Mme Mestanza était une femme autochtone de 33 ans décédée quelques jours après son opération en 1998, faute de soins postopératoires.

Des militants ont déclaré que la victime avait été contrainte de subir l'opération. L'affaire a d'abord été classée par les procureurs provinciaux, mais en 2010, la CIDH a demandé au Pérou d'enquêter et de punir les responsables de sa mort.

Au fil des ans, trois enquêtes pénales contre M. Fujimori et ses anciens responsables de la santé ont été ouvertes et ensuite classées en raison de preuves insuffisantes.

L'ancien président a toujours affirmé qu'il n'était pas directement impliqué dans la gestion du programme de contrôle des naissances, bien que la commission du Congrès de 2002 ait trouvé des preuves qu'il avait poussé les autorités à atteindre les objectifs de stérilisation.

L'ancien président est en prison depuis 2007 pour corruption et violations des droits humains, mais il a été innocenté en 2014 de tout acte répréhensible lié au programme de stérilisation.

En 2018, les procureurs l'ont inculpé ainsi que d'anciens ministres de la Santé sur la base des allégations de 2 074 victimes, dont cinq décédées.

Mais les audiences n'ont pas pu se dérouler comme prévu, en janvier de cette année, car il n'y avait pas de traducteurs pour aider les femmes de langue quechua, dont beaucoup ne parlent pas couramment l'espagnol.

"Un retard inexplicable et honteux"

María Esther Mogollón, porte-parole d'AMPAEF, a déclaré à la BBC que le retard était "inexplicable et honteux".

"Cela fait 25 ans que les stérilisations ont commencé. L'affaire est passé 16 ans au parquet et a été archivée et rouverte. C'est un crime contre l'humanité", explique le militant.

Les stérilisations forcées sont considérées comme un crime contre l'humanité au regard du droit international.

L'année dernière, l'AMPAEF a déposé une plainte contre le Pérou devant le Comité des Nations Unies pour l'élimination de toutes les formes de discrimination à l'égard des femmes (CEDAW), exigeant que le pays enquête et offre des réparations aux victimes de stérilisation forcée.
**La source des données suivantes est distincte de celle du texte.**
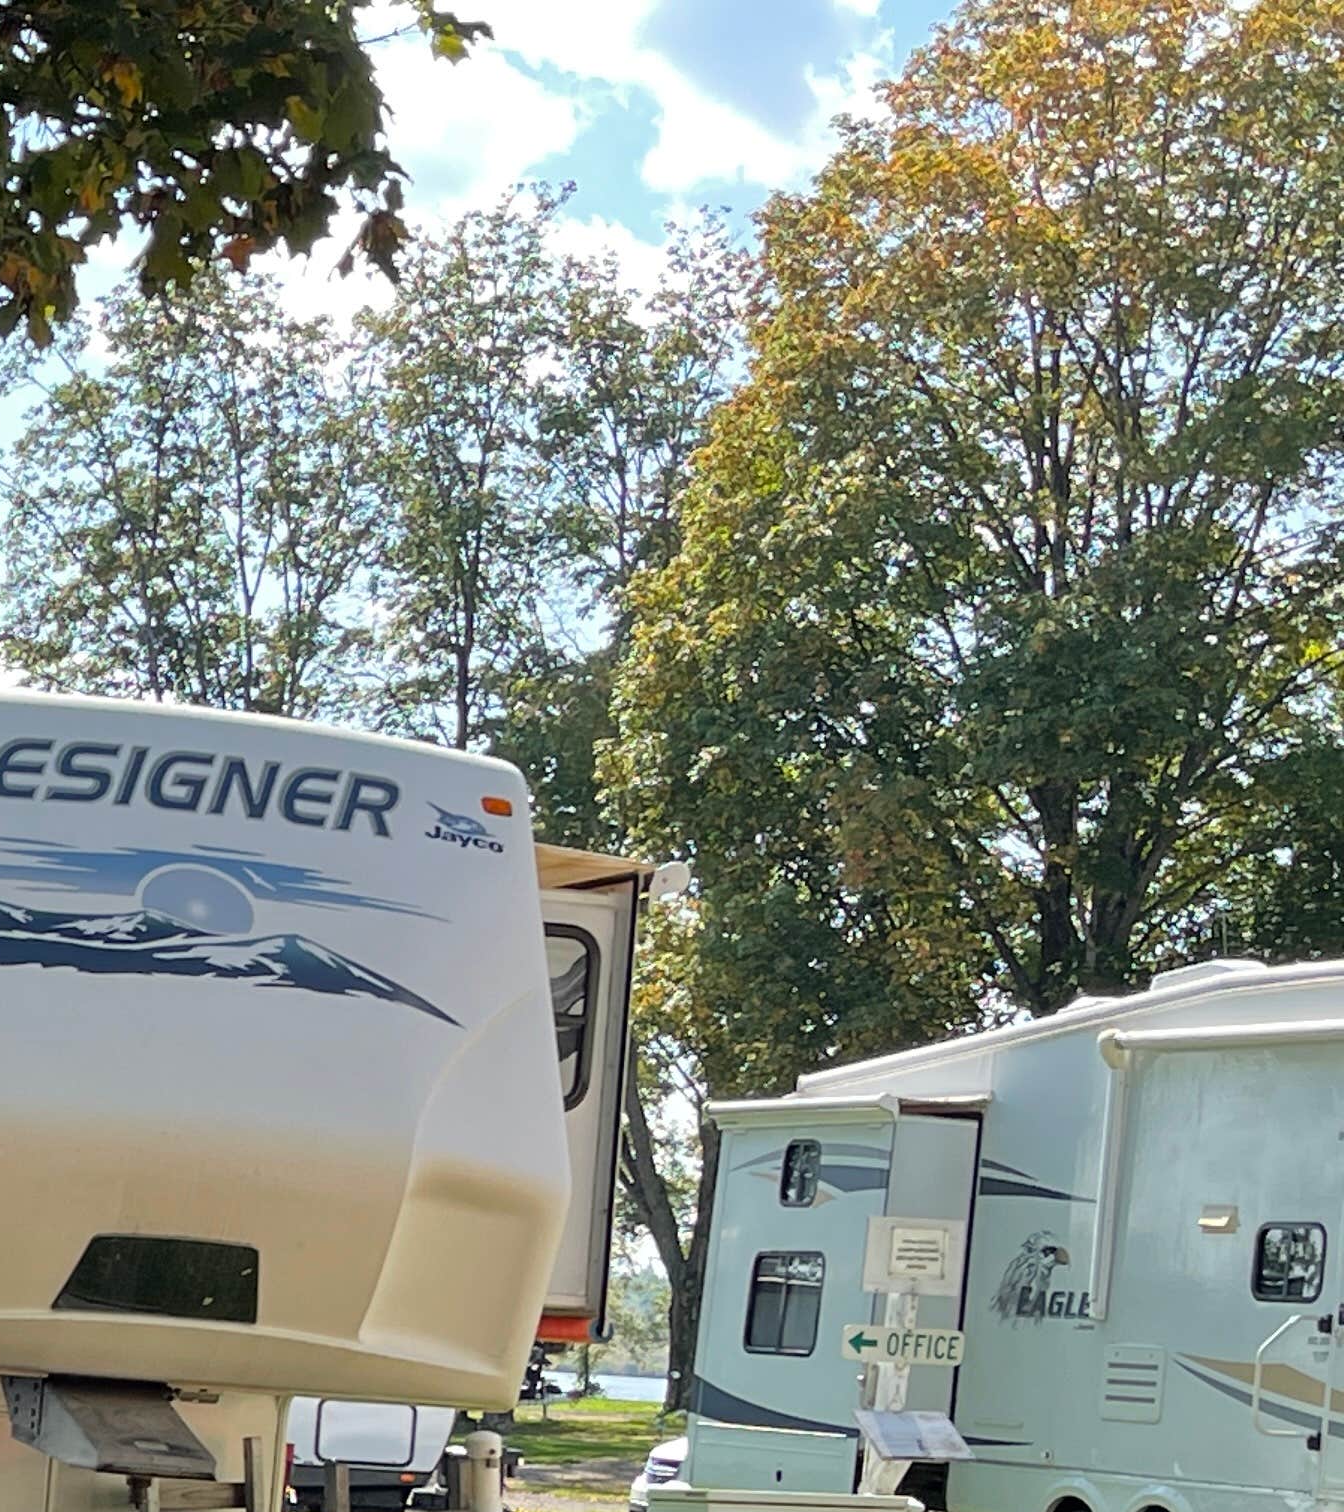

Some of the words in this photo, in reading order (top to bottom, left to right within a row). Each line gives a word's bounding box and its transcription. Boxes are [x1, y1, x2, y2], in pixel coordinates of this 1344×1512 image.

[425, 826, 504, 853] Jayco
[1016, 1286, 1090, 1318] EAGLE
[886, 1332, 960, 1360] OFFICE
"Il s'agit essentiellement d'un manque de volonté politique, d'un manque de compréhension de ce que sont les droits de l'homme, d'un manque de sensibilité envers les victimes et d'une négligence totale de la part de l'État", déclare Mme Mogollón.

Un registre officiel pour les femmes qui déclarent avoir été stérilisées de force a finalement été ouvert en 2015 - et depuis lors, plus de 7 200 se sont manifestées.

Ces femmes obtiendront-elles une compensation ?

Désormais, ces récits de femmes seront entendus au tribunal afin qu'un juge puisse décider si l'affaire peut aller de l'avant.

Vu la lenteur du système judiciaire péruvien, il y a peu de chances qu'elles obtiennent un verdict de sitôt, sans parler d'une compensation financière.

En 2004, la commission vérité et réconciliation du Pérou a publié le rapport final sur les crimes commis pendant le conflit interne du pays impliquant des guérilleros maoïstes dans les années 80 et 90.

De nombreuses victimes provenaient des communautés à faible revenu parlant le quechua des hautes terres andines - mais les femmes stérilisées n'étaient pas pleinement reconnues parmi elles et ne pouvaient donc prétendre à une indemnisation.

Plus tôt cette année, le Congrès péruvien a modifié la loi sur les réparations pour inclure les victimes de crimes sexuels, suscitant l'espoir parmi ceux qui ont été stérilisés de force pendant cette période.

Mais Mme Mogollón dit que cette possibilité est maintenant contestée par le ministère de la Justice, qui fait valoir que le programme de stérilisation n'a pas eu lieu dans le contexte du conflit interne.

"Après la modification de la loi, nous n'avons pas vu de volonté politique en faveur d'une indemnisation intégrale des victimes. Ils avaient l'habitude de dire qu'ils n'avaient pas la base légale pour payer une indemnisation, maintenant ils en ont une et ils ne veulent pas l'observer ", a déclaré Mme Mogollón à la BBC.

"Les femmes sont indignées. C'est 25 ans de lutte pour obtenir justice et clôture. Il y a des femmes qui sont déjà mortes au cours de ce processus. La plupart vivent encore dans la pauvreté. Il y a une négligence totale de la part de l'État. Et comme elles le disent à juste titre, elles ne demandent pas la charité, elles revendiquent leurs droits".